If the mighty have succumbed how shall the weak emerge unscathed ?

Time to cook

As you could understand from this post – I did not manage to source this cauliflower for the risotto recipe – so I decided to cook some Asparagus instead.

I used a recipe from the book “On Vegetables” by Jeremy Fox (Ubuntu, Rustic Canyon). As the name of the book suggests – this book is all about vegetables – recipes are not very long – not too complicated – yet they feature flavor combinations I have never tried before.

Chilled asparagus, saffron, olive & fennel pollen

It was the black olive caramel that drew my attention to this recipe. Prepared a short shopping list – and 1 hour later I was back in the safe environment of my home – realizing I just missed one piece of the puzzle – fennel pollen. Since I have never heard of fennel pollen – I did some googling and learned this is the new favorite child of the neighborhood. It is “usually hand collected from wild fennel” – “It doesn’t taste like fennel seed or anise, so it truly adds a different flavor to food” – “When you add a dash to any dish, you transform the ordinary into extraordinary. Fennel Pollen is Slightly sweet and ridiculously flavorful, a sprinkling of fennel pollen makes pure magic.” – you get the picture …

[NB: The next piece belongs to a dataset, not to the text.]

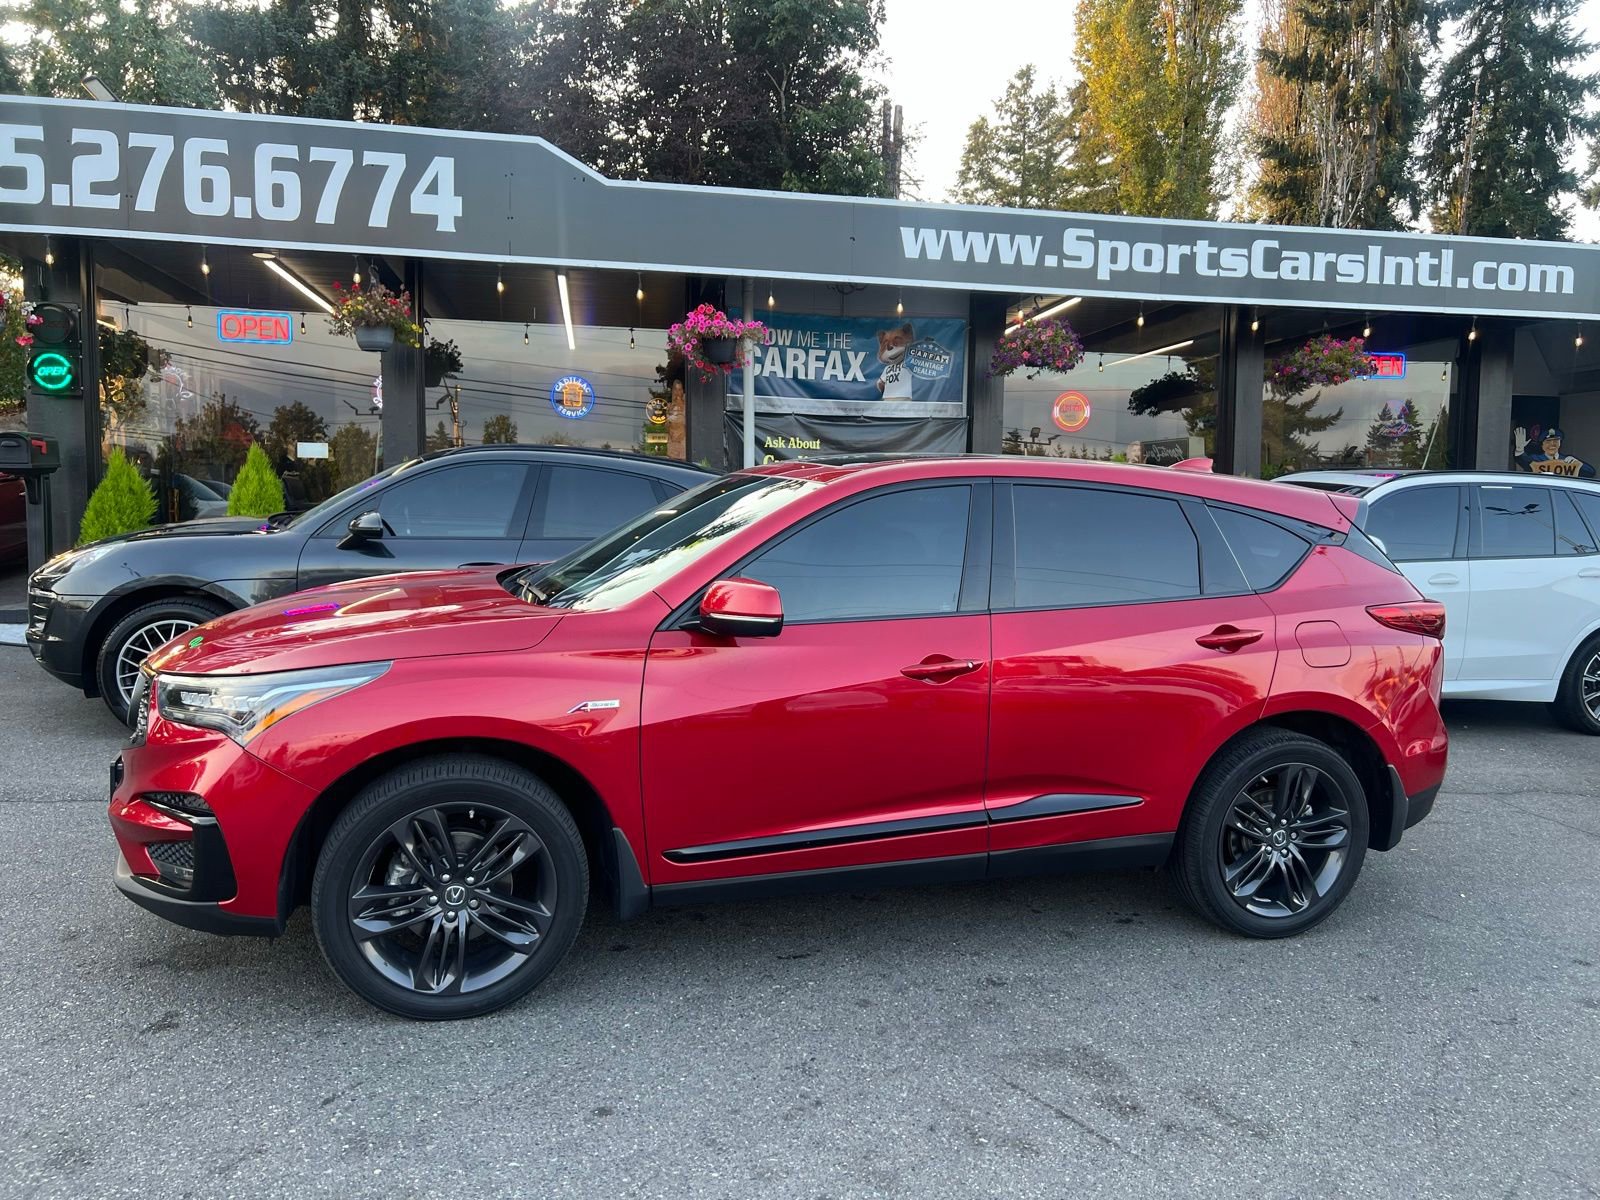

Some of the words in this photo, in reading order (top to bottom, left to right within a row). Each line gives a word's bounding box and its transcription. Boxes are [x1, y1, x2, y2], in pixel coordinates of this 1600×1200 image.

I knew my spice store will not have this fancy pollen – I could obviously order a pricey box of this magic powder online – but that would mean delaying my cooking for at least a few weeks … and I could … Yep – I decided the dish will be prepared without fennel pollen.

And then this happened

The universe was on my side – finally !!! Like on most Saturday morning – I dragged everyone to visit mother nature – and there I was – surrounded by fields of wild fennel – and guess what – it was end of summer – and – they were all covered with this beautiful smelly yellow pollen !!! I do not have the words to express my feelings at that moment.

Black olive caramel

Pitted some oily shiny Kalamata olives and pureed them in my food processor. Then I prepared caramel (The books advises you to “just leave it alone and look for an amber caramel color” – and I advise you to do exactly that – worked for me). Added the olive puree to the caramel – let it cool a little – and then pureed it in the food processor again. The result was a squeeze bottle with this tasty black – sweat – salty “condiment” (borrowed this word from the book) – and a big pile of dishes.

Next was the saffron yogurt

Took the saffron and added some lemon juice – then added yogurt and some salt. As simple as it can be – but it does make you understand why saffron is the most expensive spice of them all … I believe i’ll be using this saffron yogurt a lot in the future – its simply that good !!!

Asparagus – nothing special. Cut – cook in salty boiling water for 45 seconds – place in ice bath – drain – add some lemon juice, salt, and olive oil – and they are done.

Platting was fun – placing the asparagus – adding “dollops” of the saffron yogurt and “dots” of the black olive caramel. A little sprinkle of shaved toasted almonds – and finally – those fennel pollen – done


Sooooo good !!! Simple yet so surprising. Every part tasted good by itself – but all of the components together … It was really a perfect combination. The saffron taste – with a little sweet from the caramel – a little crunchy piece of almond … and last – but not least – those fennel pollen – they give a hint of anise without overpowering – I was so happy I found them.

This is one of those dishes that teaches you about the importance of flavor combinations. Every component had its role in the final result – and it was such a good result achieved with such a minimal effort … Defiantly a dish to remember when planning my next meal with friends.